Though I think the best bad idea so far is still:
"Welcome to the library's Zero Wing. All your books are belong to us."
Bulletin boards for great justice.

Tuesday, August 21, 2007

Act II: the end of summer

-In which I feel evil, give a desk attendant at the local hospital something to tell her friends, and probably make an advertising executive really happy.
So I'm outside the coffee house, a bus goes past with an ad on the side for the local hospital, it reads "When it comes to babies, we deliver!"
Out comes the phone, in goes the number, through goes the call...

"******** Hospital, how may I direct your call?"
"Hi, I'm calling regarding an ad on one of your buses concerning your new services"
"Which of our new services would that be, sir?"
"Well, the baby delivery part"
"Sir, we've been capable of providing quality care in that department for quite a while now."
"Ok, good to know, see, I live out on Arrowhead Ave. and I was getting a bit tired of ordering pizzas all the time, what's the average time on a delivery?"
"Well, from start to finish sir, usually about nine months"
"Wow, I'd imagine it might get cold by that point, I was hoping to have one delivered to my area in the half-hour range, that won't be possible?"
"...Ok, who the hell is this?"
"Nevermind, miss, Chinese it is then, you have a good night."

I love this town.

Sunday, August 19, 2007

Writing again

So I think working in a room full of books is starting to have some sort of osmosis effect on me. Tonight I managed to sit down and tap out the first pages of what I hope turns into a nice little short story. This is pretty much the first time in a year that I've had the chance to get some writing in for my own sake and not an instance of PR student flackery. Even that, short of the poetry open mics, I think the last time I finished something of any length was the children's story I did back in High School. If only "The Adventures of Bi-Polar Bear and Olive Ewe" was entirely age appropriate for me to read at work. Still for the possible one or two people that may read this, do me a favor and ride my ass to keep working on this.

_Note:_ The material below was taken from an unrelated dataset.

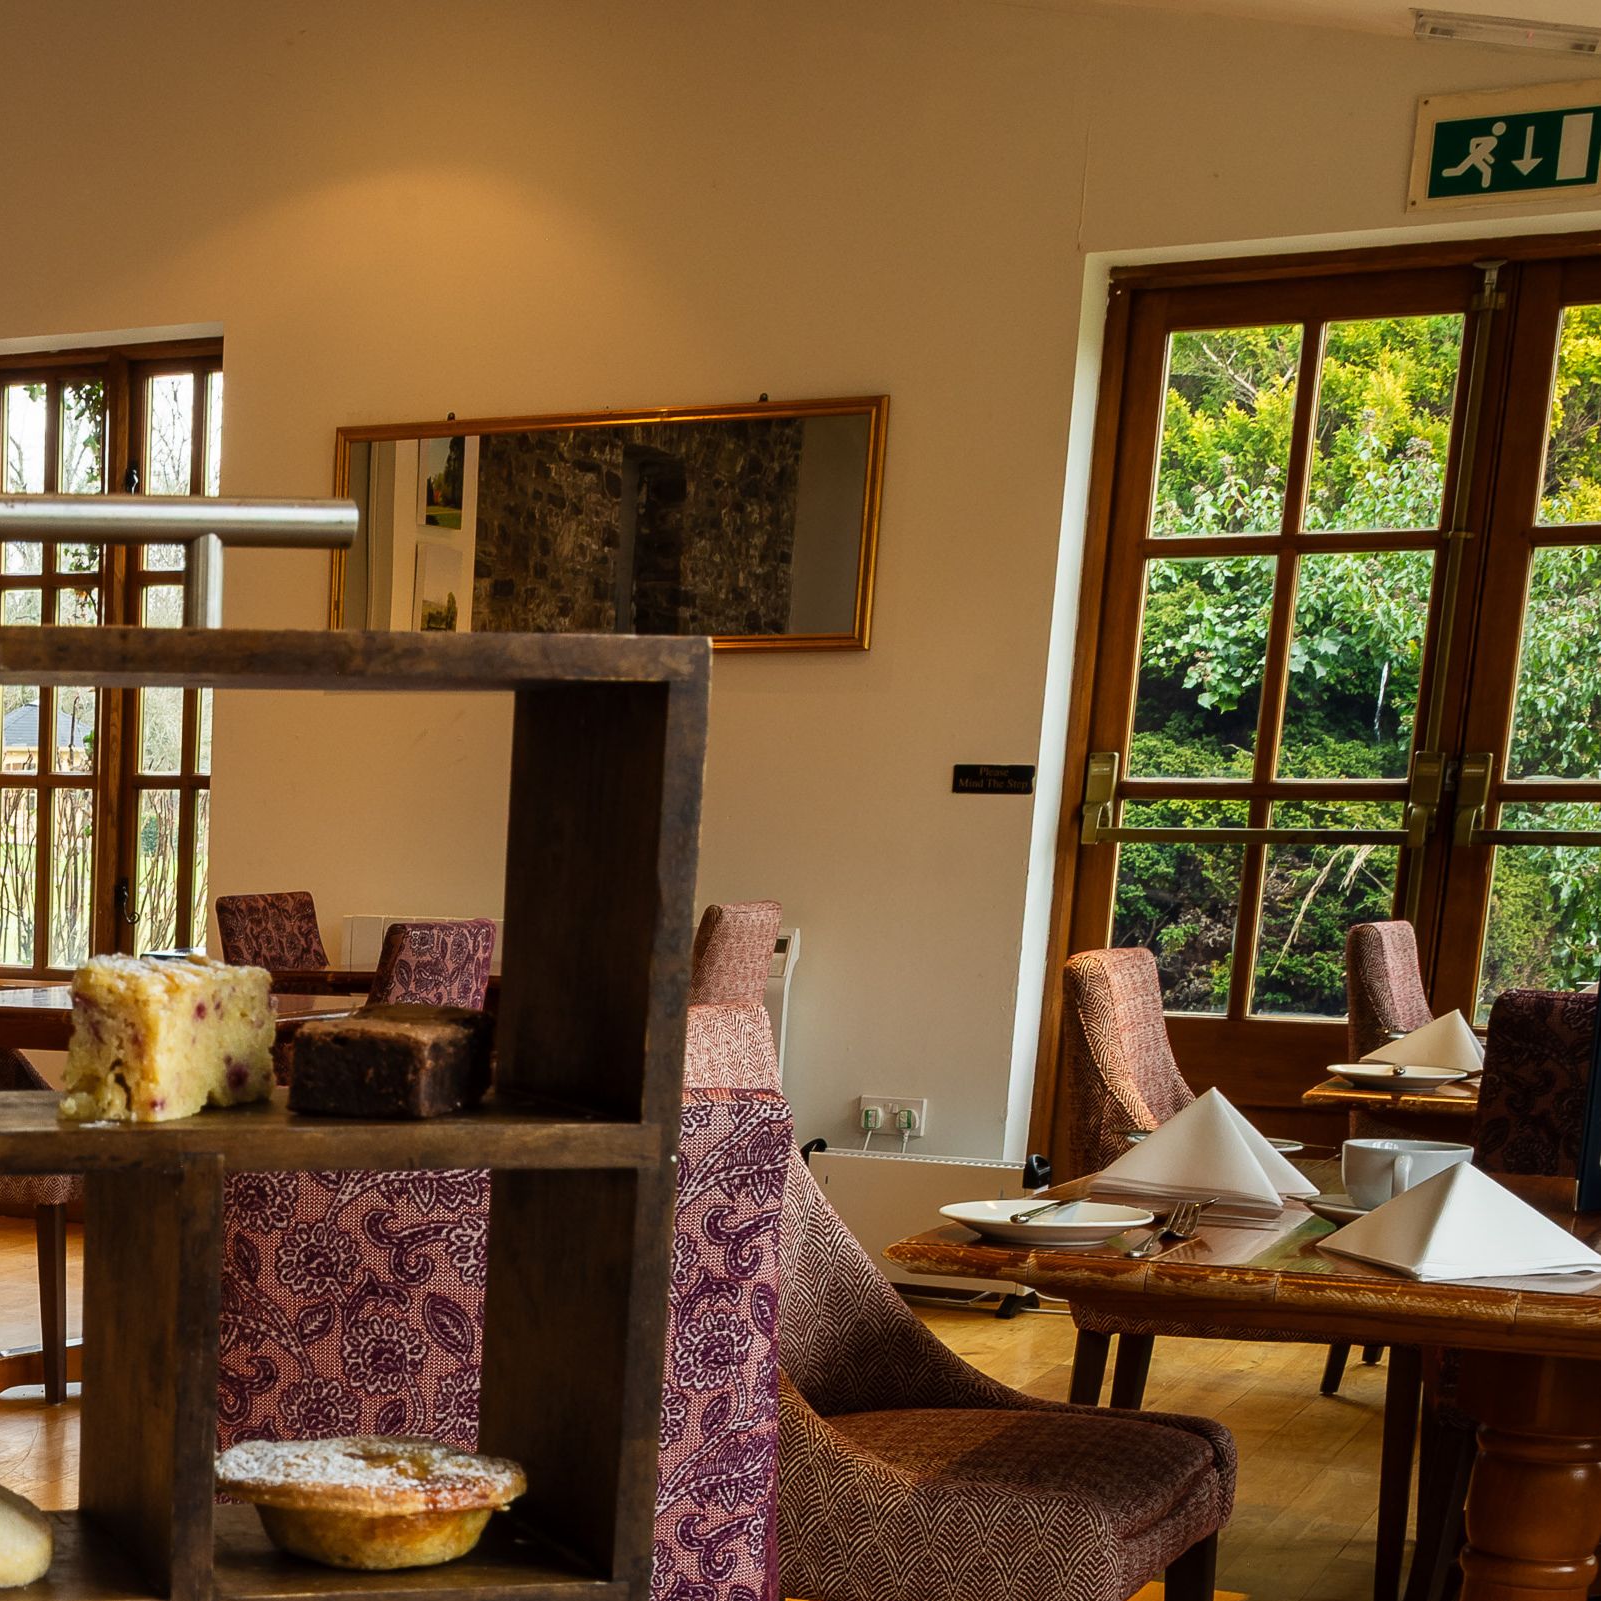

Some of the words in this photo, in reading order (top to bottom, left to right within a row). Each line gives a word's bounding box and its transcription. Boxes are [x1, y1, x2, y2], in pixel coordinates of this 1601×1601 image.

Oh yeah, and a random thought while nursing a beer, after the term "resting on your laurels" was coined, does that by default mean that Emperors and Olympians get asshats?

Thursday, August 16, 2007

Poolside Story-time update:

Today I got to introduce 50 impressionable young minds to the work of Syd Barrett.
I love my job.

Tuesday, August 14, 2007

Back online!

And it's official, I now have the nerdiest wireless network on the block. Other folks have their address or names like "pimphouse," and what do I call mine? "Dukedom large enough."
(What do you expect, it's been storming a lot here lately!)

Friday, August 10, 2007

Because it needs to be linked... everywhere.

That first letter is one of the main reasons that I love my job. And as a related fun fact, I used to work as a shelver in that library system.

Thursday, August 9, 2007

Why is it...

that when I cancel books, I have the amazing urge to speak in all-caps?